Kinder Morgan Inc said on Sunday it would put all its units under one roof. Investors had grown concerned that the tax-advantaged Master Limited Partnership (MLP) structure the Houston-based company had popularized was hurting its growth and was too complicated.

Under terms of the deal, it will consolidate its MLPs Kinder Morgan Energy Partners and El Paso Pipeline Partners LP with Kinder Morgan Management LLC and organize into a single C-corporation.

Kinder Morgan Inc's shares rose 5 percent as investors welcomed the deal, which is expected to close in the fourth quarter. Units of Kinder Morgan Energy Partners rose 14 percent and El Paso Partners rose 17 percent.

The proposed deal makes sense for Kinder Morgan because the company had grown so large and was paying out so much of its cash to its general partners it was hindered in making acquisitions by a higher cost of capital, he said.

Those payouts to general partners amounted to about 40 percent of profits, a source familiar with the deal said.

"This is no way a swipe at MLPs in general," Kinder told investors.

MLP Penalty, Taxes Rise

But investors had penalized Kinder Morgan for having two MLPs that left it undervalued overall, while MLPs have come under increased scrutiny.

The Internal Revenue Service this year halted approvals for new MLPs that depart from the traditional pipeline model. Some investors have said the weak corporate governance standards of MLPs expose minority investors to added risks, while other investors have warned that any rise in U.S. interest rates could make MLPs less attractive.

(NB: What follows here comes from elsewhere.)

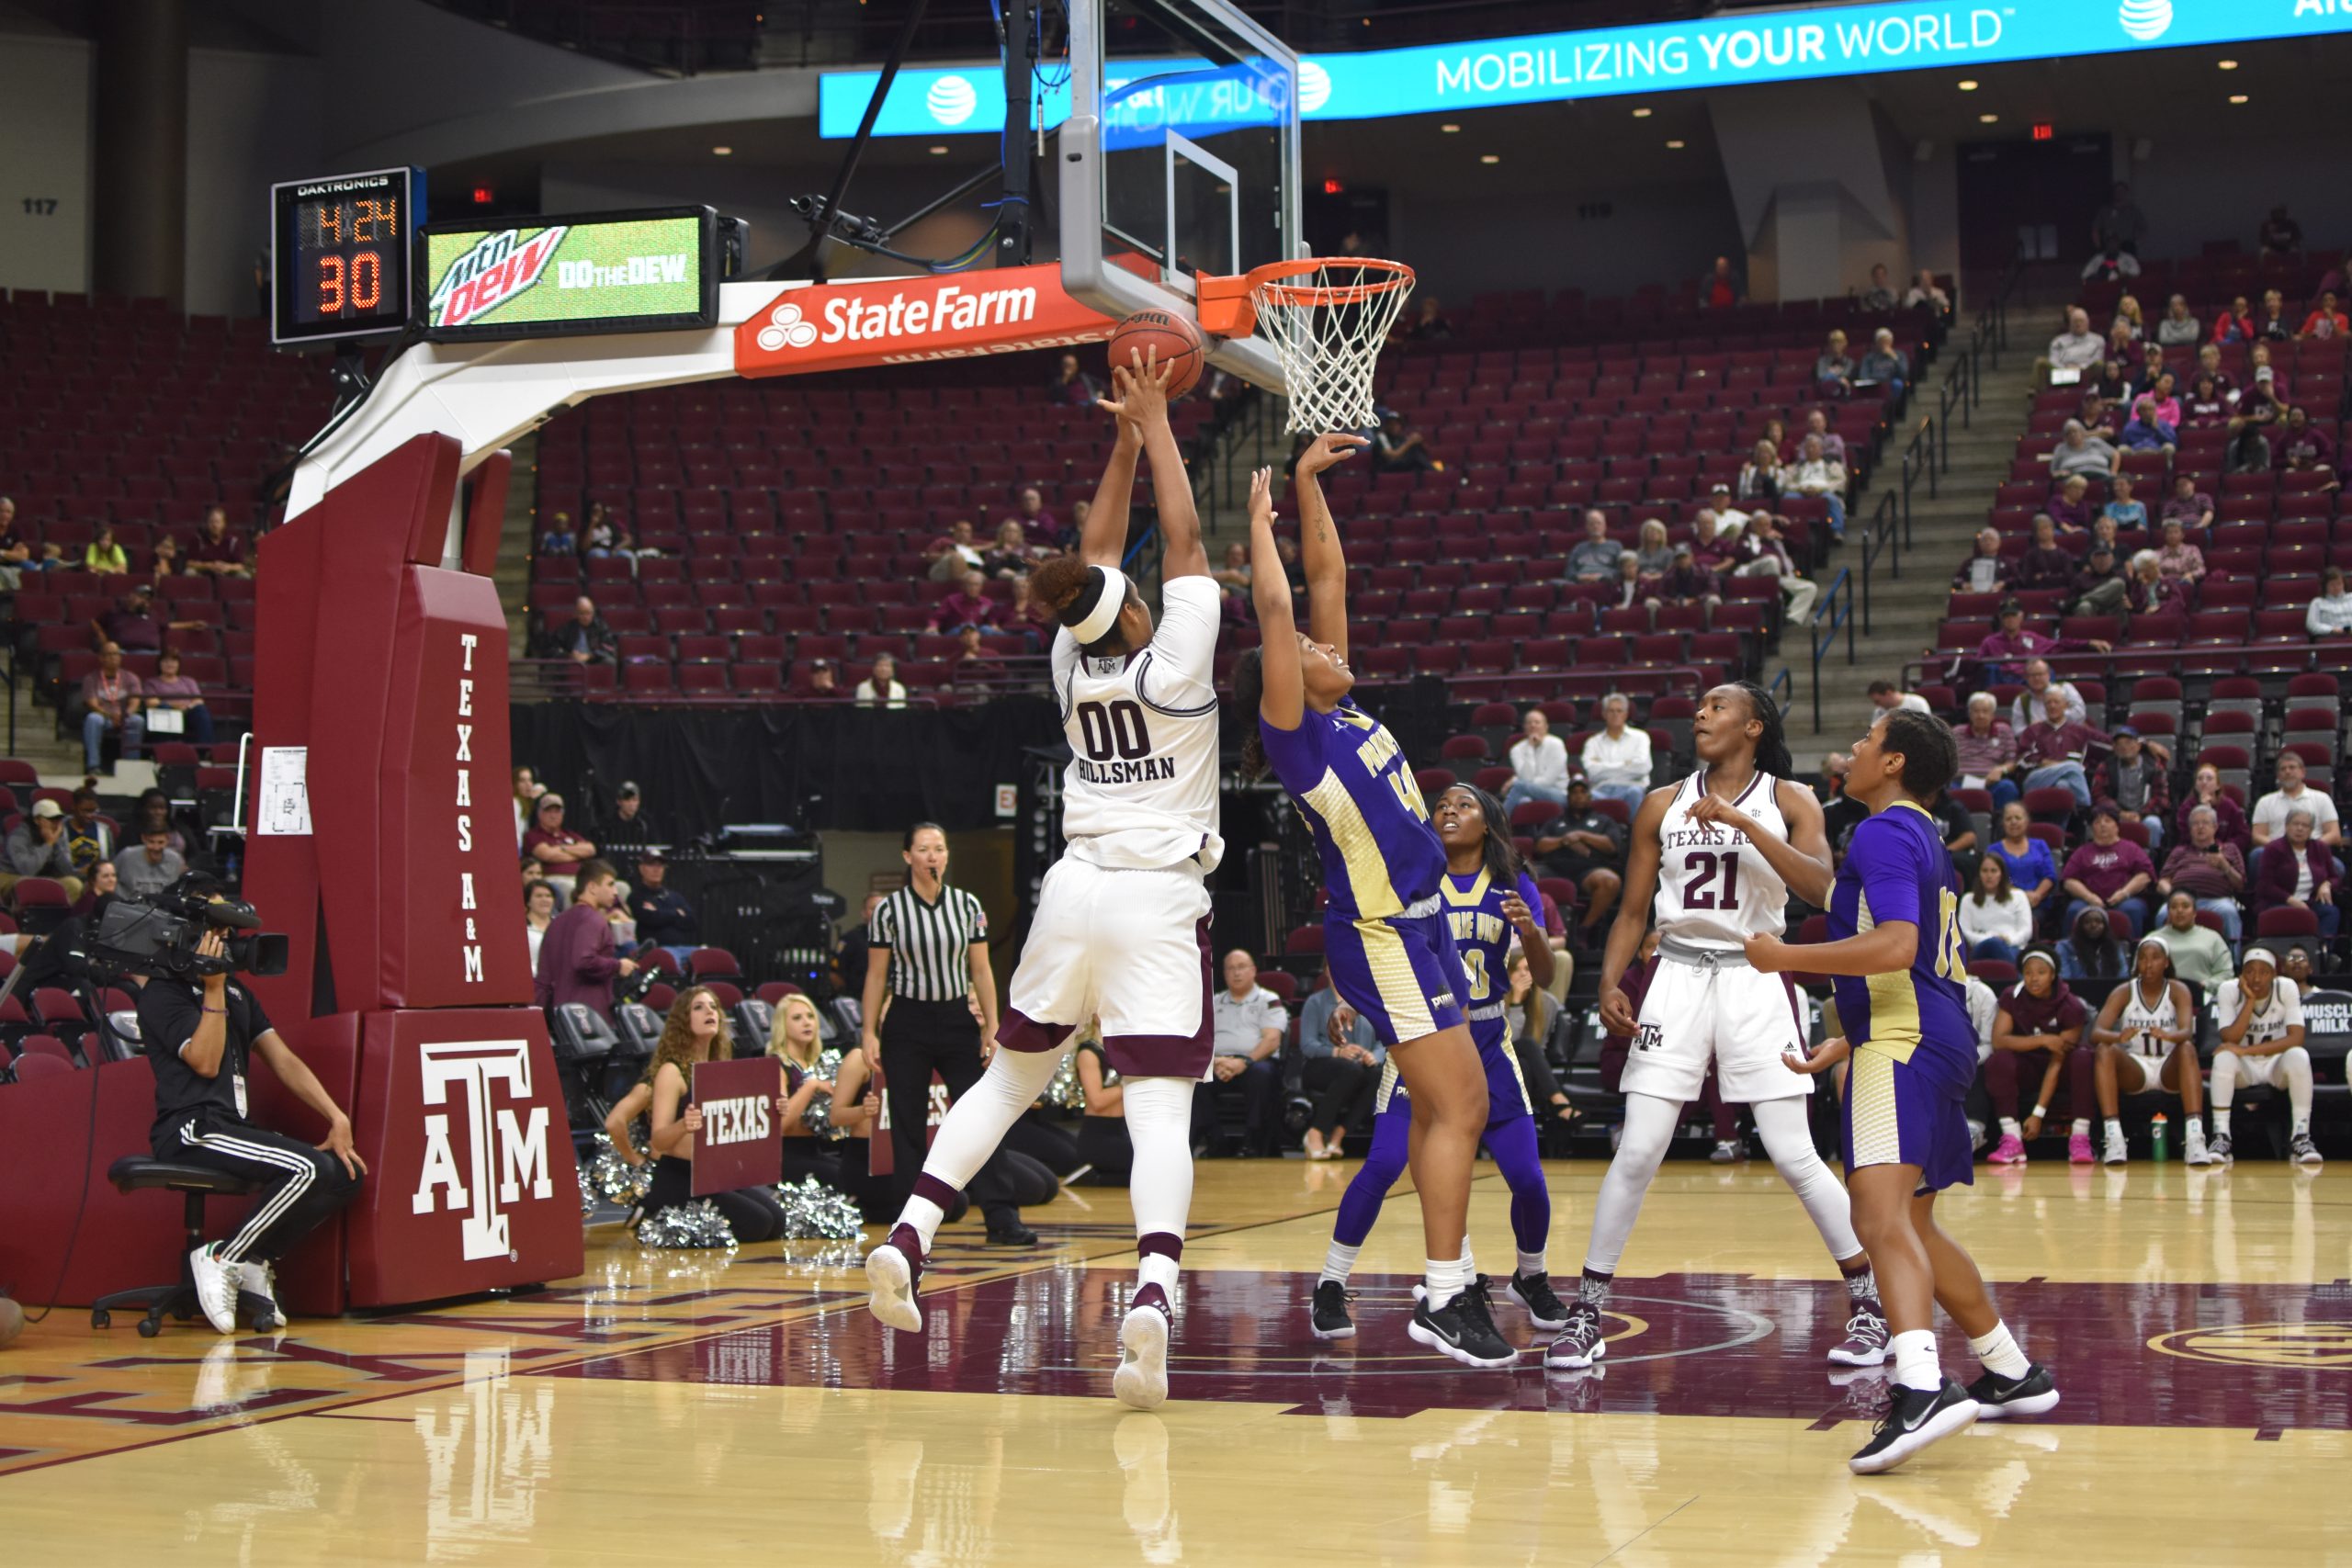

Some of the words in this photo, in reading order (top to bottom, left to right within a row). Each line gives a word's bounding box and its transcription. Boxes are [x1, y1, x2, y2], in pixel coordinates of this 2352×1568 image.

MLPs pay no taxes if they distribute the bulk of their profits to investors. But the structures can become unwieldy. The biggest MLPs face pressure to grow distributions for yield-hungry investors even as general partners are often entitled to bigger payouts if certain performance thresholds are met.

Jason Stevens, MLP analyst at Morningstar, said he did not like the fact that unitholders in Kinder Morgan Energy Partners and El Paso Energy Partners will face a tax bill.

"All of sudden if you take this deal your cost basis resets. You just became a forced seller," said Stevens.

While the transaction will be tax-free for holders of Kinder Morgan Management, which is a C-corporation, investors in the Kinder MLPs will be taxed on capital gains and ordinary income, Kinder Chief Financial Officer Kimberly Dang said on the conference call.

Indexes Rise

Shares of other large-cap MLPs were up across the board, in part because Kinder Morgan's decision to consolidate means it will leave two key MLP indexes and create space for others.

In morning trading Monday, the benchmark Alerian MLP index was up 4.3 percent, as all but one of the index's 50 constituents were higher. Alerian traditionally rebalances the index just after needed merger votes are passed, according to firm documents.

The index's constituents have an average size of $8.5 billion. Shares of the next-largest were rallying on Monday. Magellan Midstream Partners rose 2.7 percent while Plains All-American Pipeline gained 1.8 percent, and Energy Transfer Partners gained 3 percent.

"The universe is not that big so $50 billion leaving it, that money is going to want to find a new home in other MLPs," said Tsachy Mishal, founder and chief investment officer at TAM Capital Management in New York, who owns Energy Transfer Partners, which has a 5.7 percent weight in the Alerian index.